The Nokia 5 is a mid-range Android smartphone by HMD Global. It was announced along with the Nokia 6, Nokia 3, and Nokia 3310 (2017) at the MWC 2017 in Barcelona, Spain.

==Specifications==
===Hardware===
The Nokia 5 has a 5.2-inch LTPS IPS LCD, Qualcomm Snapdragon 430 SoC with an octa-core 1.4 GHz Cortex-A53 CPU, 2 or 3 GB of RAM and 16 GB of internal storage that can be expanded using microSD cards up to 256 GB. The phone also has a 3000 mAh Li-ion battery, a 13 MP rear camera with LED flash and 8 MP front-facing camera with auto-focus. It is available in Tempered Blue, Silver, Matte Black, and Copper colours.

===Software===

The Nokia 5 was originally launched with Android 7.1.1 Nougat. HMD Global has stated that they are providing a bloatware-free version of Android by not providing any unnecessary extra software. The company has also committed to provide regular feature and security updates.

In October 2017, the Android 7.1.2 Nougat update was rolled out for the Nokia 5.

On 12 December 2017, Juho Sarvikas, the Chief Product Officer at HMD Global, announced on Twitter that users of the Nokia 5 could test Android 8.0 Oreo on their devices by registering on Beta Labs, Nokia's Android beta testing program.
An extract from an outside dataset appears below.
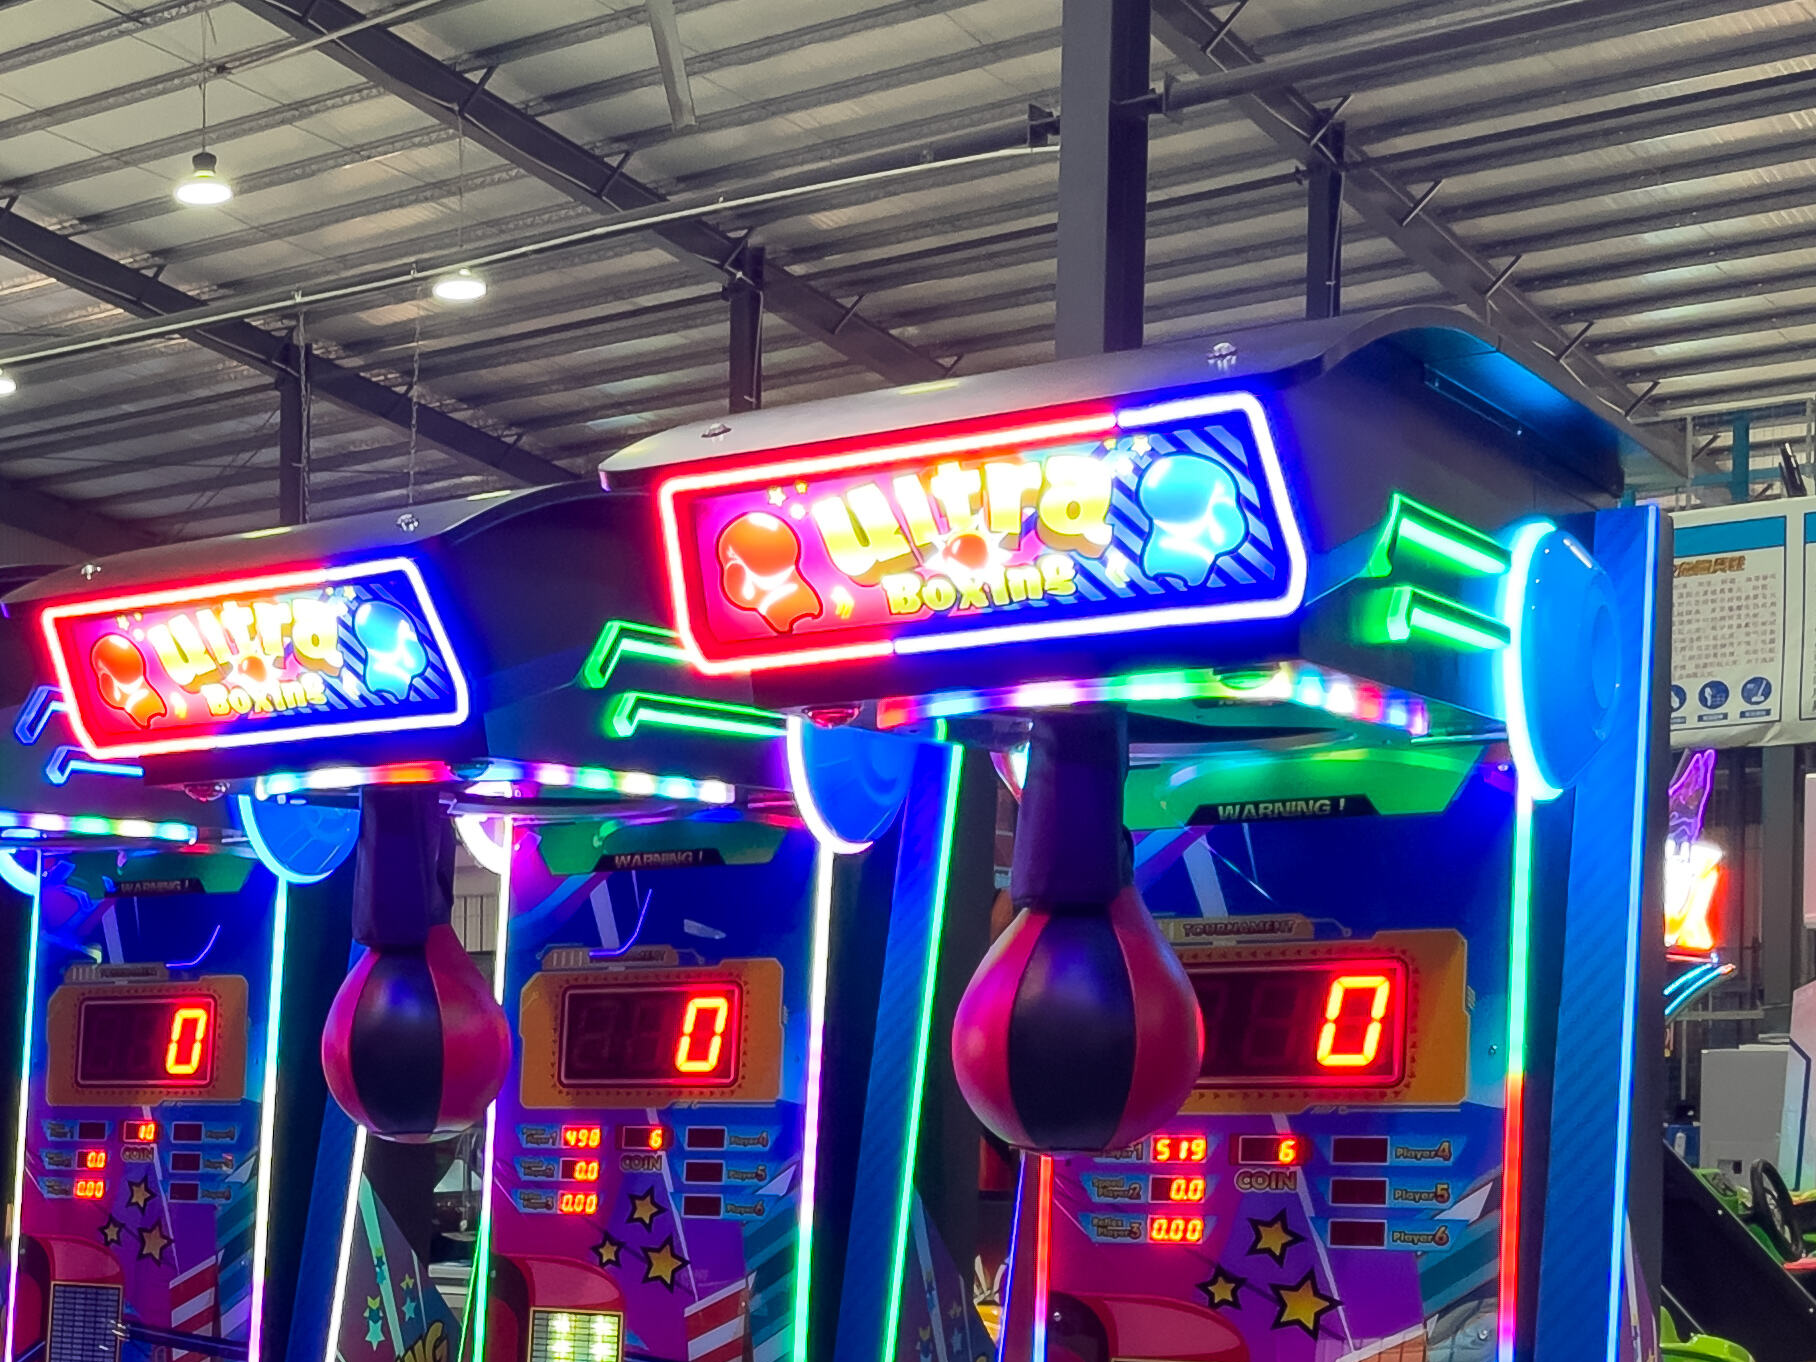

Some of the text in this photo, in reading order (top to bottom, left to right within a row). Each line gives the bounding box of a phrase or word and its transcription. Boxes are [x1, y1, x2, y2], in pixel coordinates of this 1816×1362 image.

The official Android 8.0 Oreo update began rolling out to the Nokia 5 on January 30, 2018.

Nokia announced on Twitter that the Nokia 5, along with the Nokia 6 and Nokia 3 would receive the Android Pie update. The update began rolling out to the Nokia 5 on January 24, 2019.

== Reception ==
The Nokia 5 generally received positive reviews, with Andrew Hoyle of CNET praising the design, pricing and battery while criticising the mediocre performance and camera. John McCann of TechRadar praised the “premium design” and use of stock Android while noting that load times could be sluggish and photos could be dark.